Putnam baseball starts fresh with new coach

Waylon Wooten delivers a hit during Putnam County’s summer doubleheader against Jefferson County.

By Brandon Bush



The 2018 season was a rough one for the War Eagles on the diamond.

Putnam County baseball endured a hard season this spring. The Eagles finished with a 2-22 record, with the only two wins coming against Glascock County and more potential wins being left on the table. However, Putnam County looks ahead to next season and is already making changes in an attempt to turn around the program.

One of the biggest offseason moves for the War Eagles is the addition of new head coach, Ben Skinner. An experienced coach in several sports, Skinner replaces former Putnam County baseball coach Matt Riden, who departed from the school at the end of this year to pursue other opportunities.

“I think there’s a lot of potential at Putnam County,” Skinner said. “They’ve had a rough few years but, from what I’ve seen, there’s more wins on the field than we’ve been showing for the last few years.”

Originally hired to be the offensive line coach for the football team, Skinner later applied for the baseball coaching job once it became available. After an interview with athletic director Paul Stokes, he was offered the job, which he happily accepted.

Skinner spent the last eight years coaching private school baseball and spent the previous year as the head coach at Edmund Burke Academy. Skinner said that his wife working in public school and having a 3-month-old son made working in a public school more ideal and that Putnam County seemed like a great fit.

Skinner will be teaching at Putnam County Middle School while coaching the varsity baseball team as well as serving as the football team’s offensive line coach. Skinner said he was warmly received at Putnam and that Stokes and Putnam football coach Shaun Pope were “awesome guys that I knew I’d like to work with.”

Skinner is already bringing new ideas to Putnam, including something Putnam has never done before: summer baseball. His first task after being hired was to put together a summer baseball schedule, which includes 10 practices and six games with more possibly being added later.

“We’re just trying to get the kids to play baseball over the summer, which they have not been doing in the past,” Skinner said. “To get better, you have to play. Practice helps a lot and that’s how you master your craft, but nothing simulates game reps.”

Skinner added that pitchers and everybody who doesn’t play a fall sport will begin the throwing program in October and players will be in batting cages by November.

The decision to play summer ball paid off last Friday when Putnam County hosted Jefferson County for a doubleheader. Compared to the Eagles’ regular season outings, the first game of the summer doubleheader was a night-and-day difference as they won big, 7-0.

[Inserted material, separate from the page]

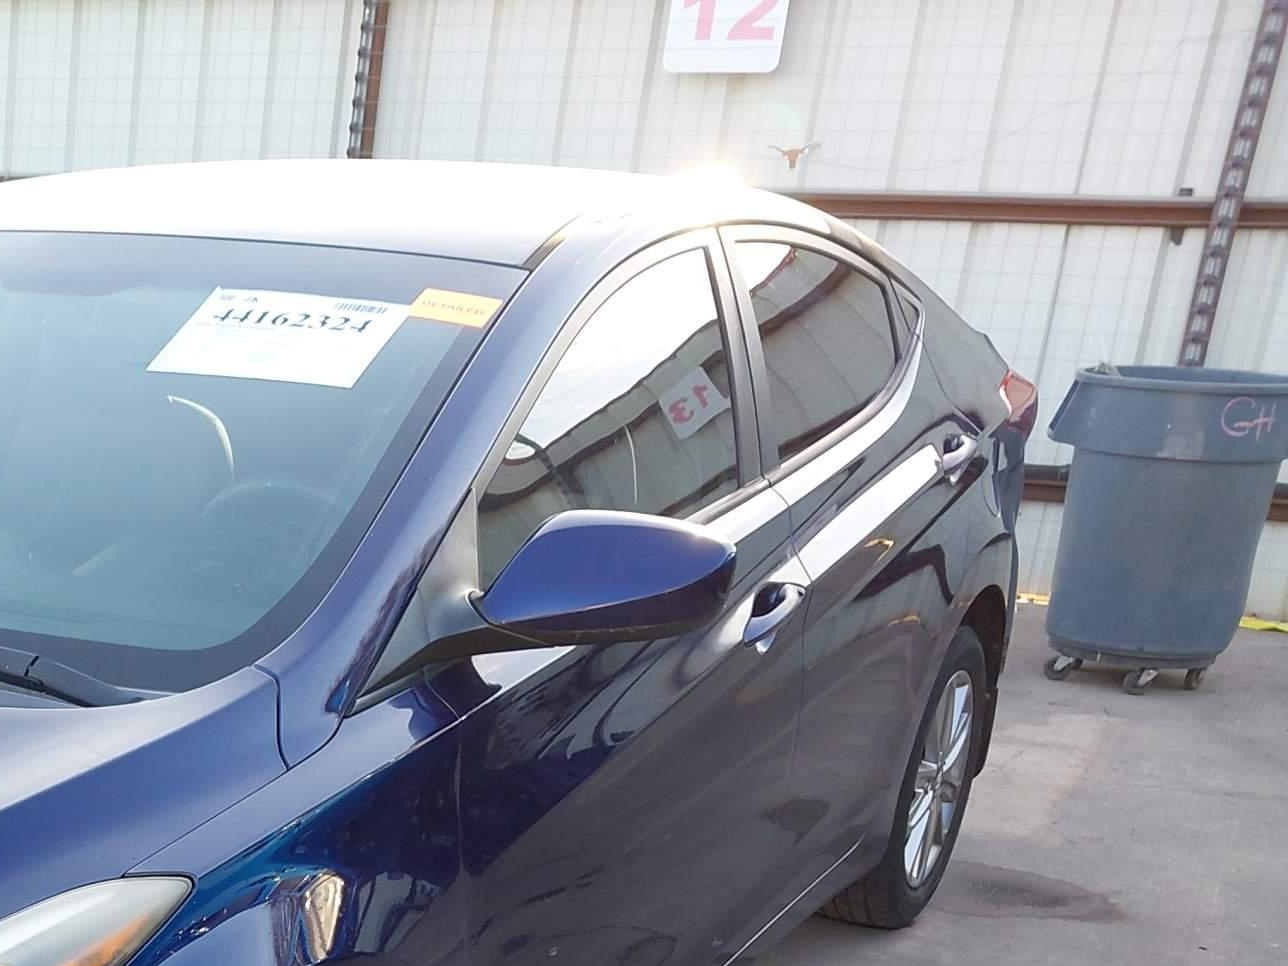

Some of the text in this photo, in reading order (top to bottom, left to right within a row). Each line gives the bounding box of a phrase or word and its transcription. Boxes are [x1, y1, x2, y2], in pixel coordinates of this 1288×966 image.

[682, 0, 778, 41] 12
[213, 308, 372, 333] 44162324
[1220, 396, 1277, 442] GH

“They looked really good,” Skinner said. “We’ve only had two practices so far this summer and most of my kids are pulling double-duty with football workouts, so, for balancing all those things, my hat goes off to them because they’re doing a really good job.”

Brett Pettit took the mound Friday and impressively threw a perfect game in the initial match with the Warriors, and the Eagles made great defensive plays to keep Jefferson County from reaching first base. After going through so much the season before, Skinner said he believes that the early success has greatly improved the team’s morale.

“I think it boosted their confidence a ton,” Skinner said of the importance of their summer baseball win. “When I first met them, the heads were down. They had just come off a rough season, but just some early success this summer is getting them to buy in a little bit.”

Assisting Skinner this year will be new assistant coach Jarret Leverett, a Putnam County alumnus who had a phenomenal baseball career, including being drafted in the 15thround of the 2012 MLB Draft by the Minnesota Twins. Skinner says that the players see how much work he and Leverett are putting into the program, which has led to them working harder and taking pride as a team.

Putnam County will continue to play summer games over the coming months while preparing its players for the coming season. With a whole new coaching staff steering the ship, the War Eagles will have an opportunity to break the cycle of rough years they’ve been having next season.